Text-to-region grounding data:
===

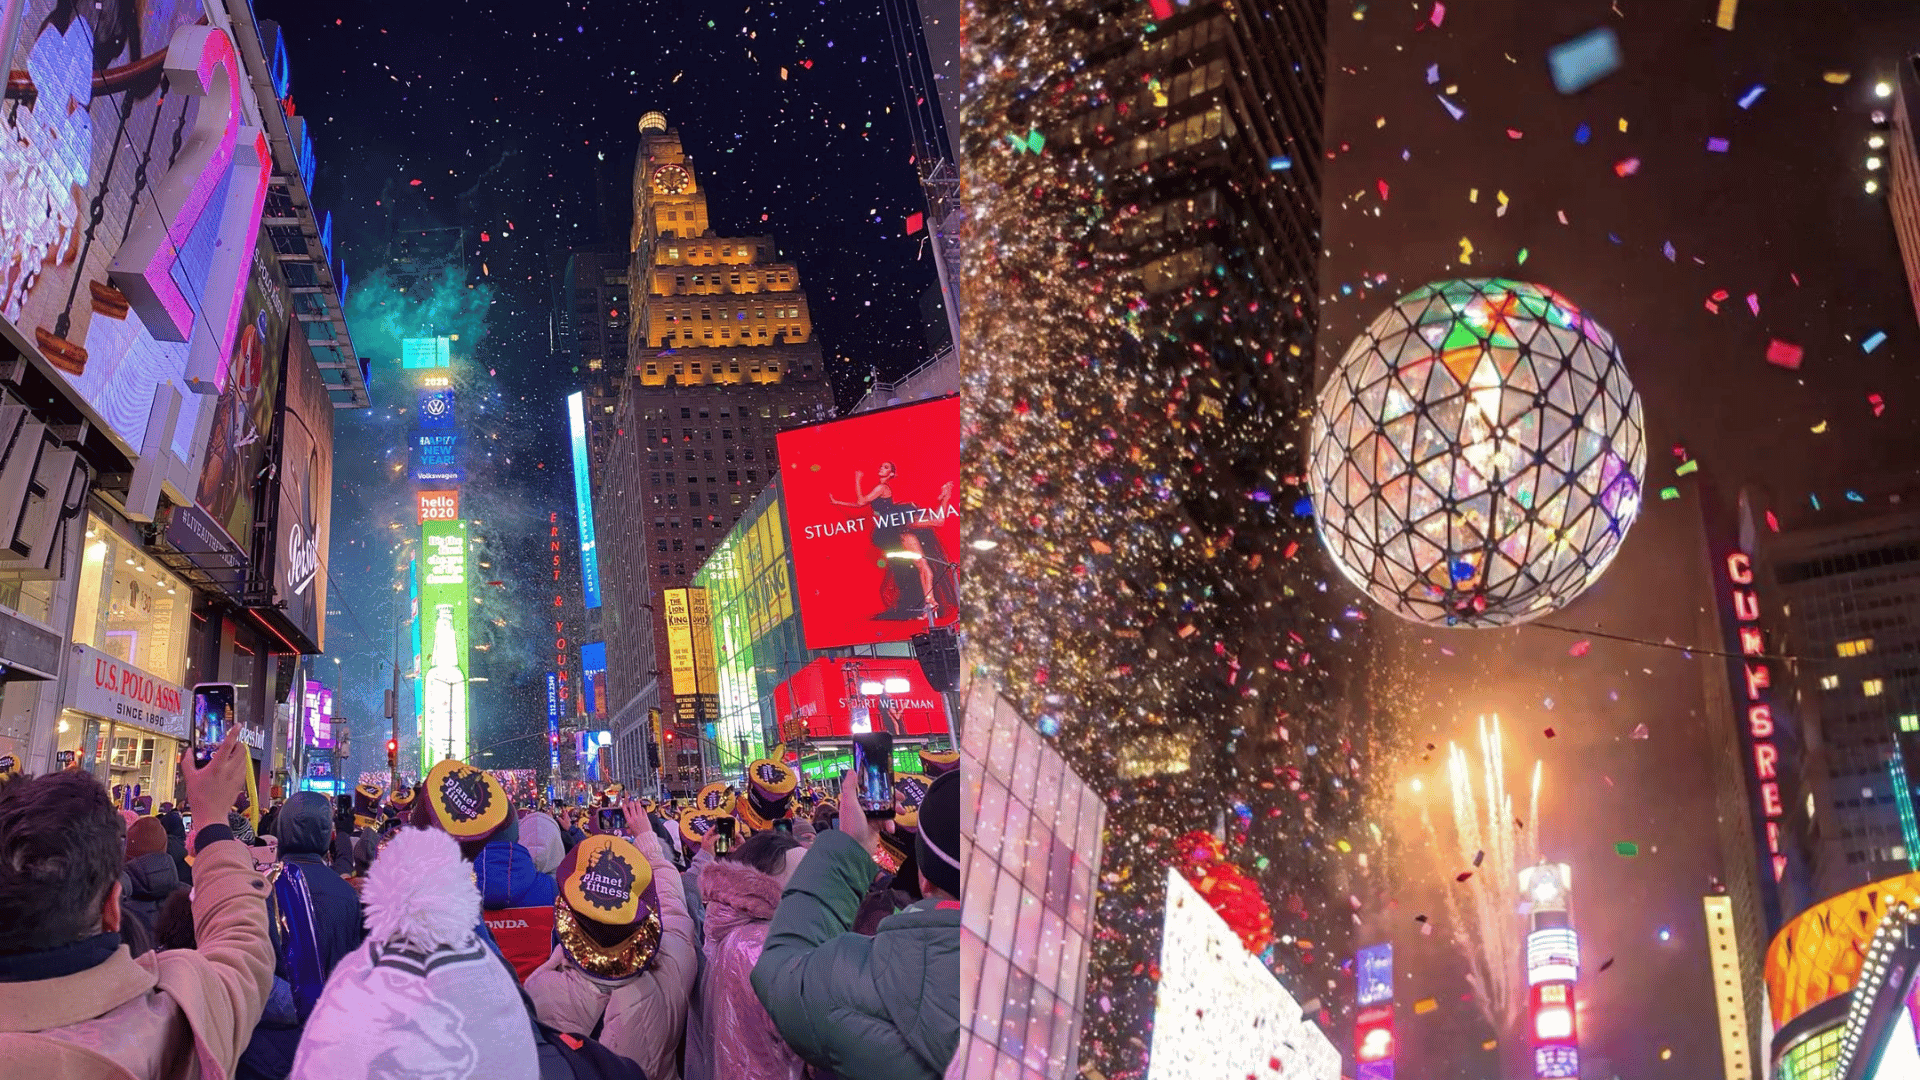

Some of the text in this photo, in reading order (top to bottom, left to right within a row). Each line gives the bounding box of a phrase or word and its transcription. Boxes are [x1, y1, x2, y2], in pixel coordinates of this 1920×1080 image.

[420, 436, 457, 446] HAPPY
[424, 446, 452, 455] NEW
[421, 455, 455, 465] YEAR!
[421, 496, 454, 508] hello
[421, 508, 455, 518] 2020
[804, 503, 960, 540] STUART WEITZMA
[550, 512, 561, 580] ERNST
[554, 595, 563, 607] &
[669, 598, 682, 606] THE
[668, 606, 685, 615] LION
[668, 614, 693, 626] KING
[555, 621, 569, 699] YOUNG
[95, 658, 118, 692] U.S.
[121, 669, 153, 704] POLO
[879, 698, 935, 709] WEITZMAN
[117, 703, 143, 721] SINCE
[146, 711, 164, 727] 1890
[445, 778, 477, 807] planet
[445, 787, 478, 818] fitness
[583, 871, 623, 888] planet
[586, 880, 630, 900] fitness
[485, 919, 529, 930] ONDA

===

_BRIEF_:
Transcribe all of the data above exactly; no picture belongs in the copy.

_EXERCISE SOLUTION_:
Some of the text in this photo, in reading order (top to bottom, left to right within a row). Each line gives the bounding box of a phrase or word and its transcription. Boxes are [x1, y1, x2, y2], in pixel coordinates of this 1920×1080 image.

[420, 436, 457, 446] HAPPY
[424, 446, 452, 455] NEW
[421, 455, 455, 465] YEAR!
[421, 496, 454, 508] hello
[421, 508, 455, 518] 2020
[804, 503, 960, 540] STUART WEITZMA
[550, 512, 561, 580] ERNST
[554, 595, 563, 607] &
[669, 598, 682, 606] THE
[668, 606, 685, 615] LION
[668, 614, 693, 626] KING
[555, 621, 569, 699] YOUNG
[95, 658, 118, 692] U.S.
[121, 669, 153, 704] POLO
[879, 698, 935, 709] WEITZMAN
[117, 703, 143, 721] SINCE
[146, 711, 164, 727] 1890
[445, 778, 477, 807] planet
[445, 787, 478, 818] fitness
[583, 871, 623, 888] planet
[586, 880, 630, 900] fitness
[485, 919, 529, 930] ONDA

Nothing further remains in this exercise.